From all previous posts I don’t think we at property know have ever talked about property for the older generation. If you’re over the age of 54, your property is most likely to be your biggest asset, if some of you readers are living in the UK you may have seen advertisements about releasing equity from your property, these sorts of advertisements are getting ever so popular recently. Now you might be asking what is equity? Equity is the market value of ones property minus the liability attached to the property which is generally a mortgage. Nowadays homeowners are given an opportunity to use equity release schemes to enable them to gain access to the equity in their property and then they can spend that money. The money can be paid as a lump sum, spread out over a period and used as a monthly income or used to buy annuity that will pay an income for life (for older homeowners looking for retirement). Providers of the schemes are fully regulated by the financial services authority, as are the brokers who give advice about equity release. The schemes available are home reversion plans and lifetime mortgages. Whichever scheme is chosen, you will be guaranteed the right to reside in your property until you sell the house, move into long term care or you die.
A lifetime mortgage is a mortgage secured against your property with no repayments to make until you move out or die. The advantages of using this is that you and your spouse (I am not to sure on civil partnerships at the moment) still own your property and will benefit from any increase in property value. Also if a “no negative equity” guarantee is implemented this ensures that regardless of what happens to house prices or interest rates, the final debt that needs to be repaid will not exceed the sale value of your property. But the downside is because none of the debt will have been paid during your lifetime, the interest will roll up for as long as you live in the property. The interest and original sum of money you borrowed will eventually have to be paid back by your property.

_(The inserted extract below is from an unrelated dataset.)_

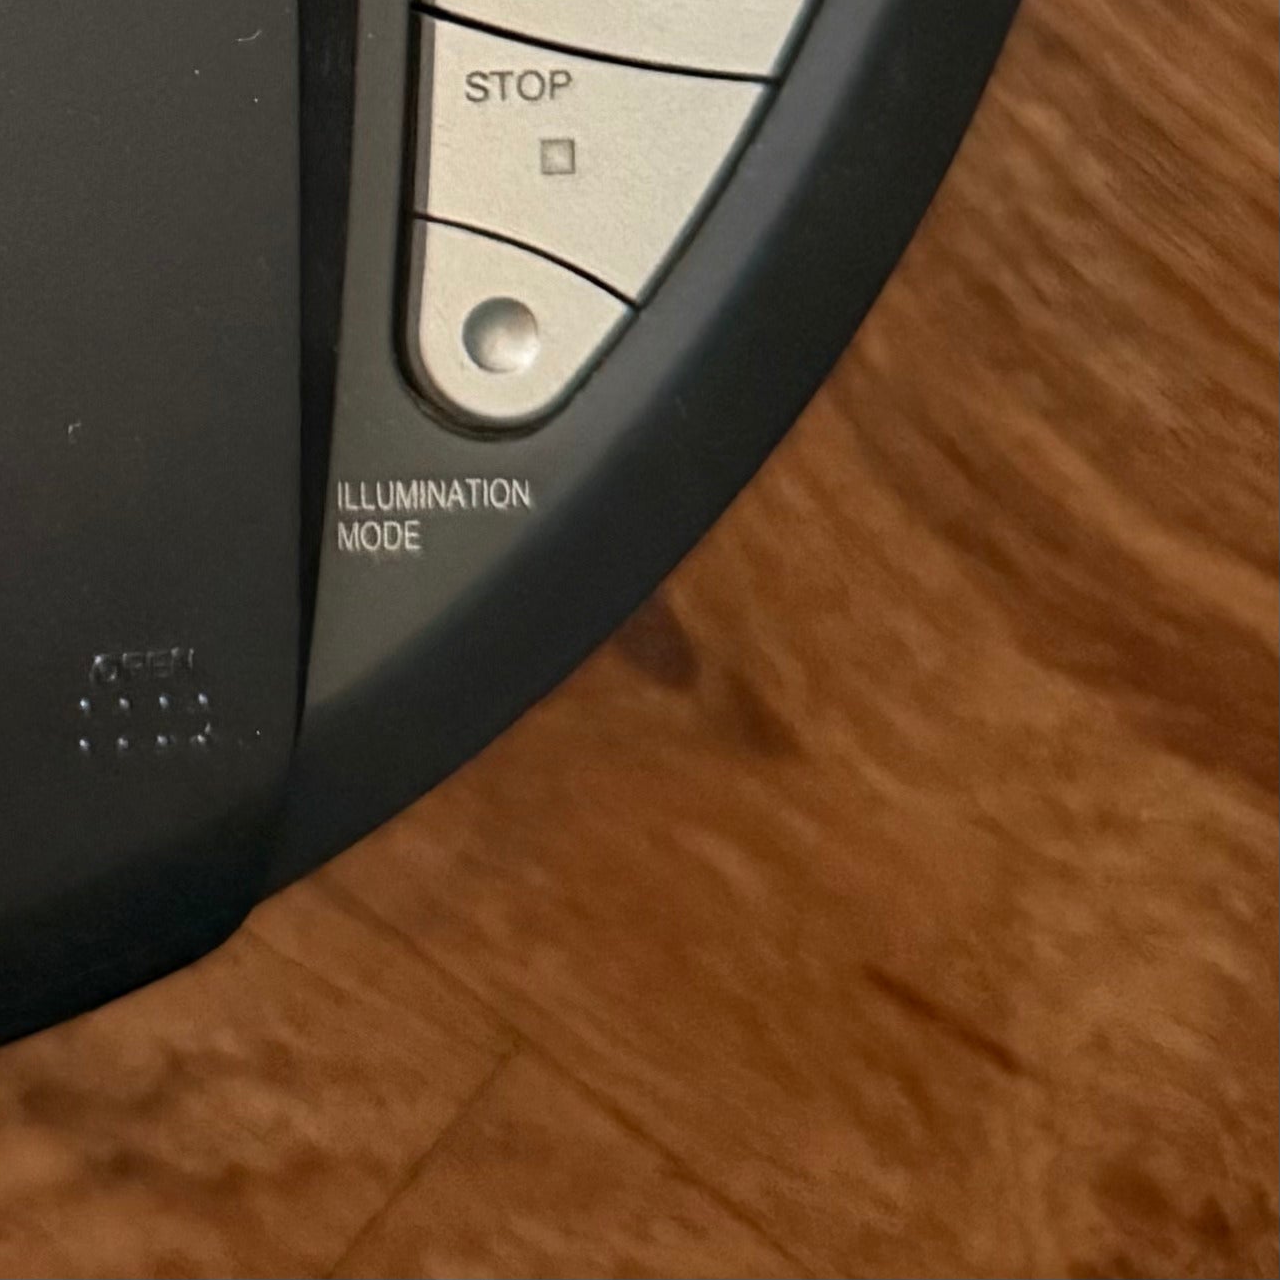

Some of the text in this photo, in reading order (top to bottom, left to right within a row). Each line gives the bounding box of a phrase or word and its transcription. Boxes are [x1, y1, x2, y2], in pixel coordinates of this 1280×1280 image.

A home reversion plan unlike a lifetime mortgage is not a loan. You yourself will actually sell or a share of it to the equity release provider while at the same time retaining the right to live in the property rent free for the rest of your life. The advantage of this is that as it is not a loan there is no interest to pay. When the property is sold, the company will take a percentage of its value, if you sell 50% of your property then your estate is guaranteed to receive the other 50% of the property value as inheritance. The downside to his is since you will be still living in the property the scheme provider will not offer full market value for the percentage you are selling. If you die immediately after taking out the scheme you will have sold your home for far less then its worth. The amount offered for your share of the property will depend of your life expectancy. The greater your life expectancy, the less you will receive.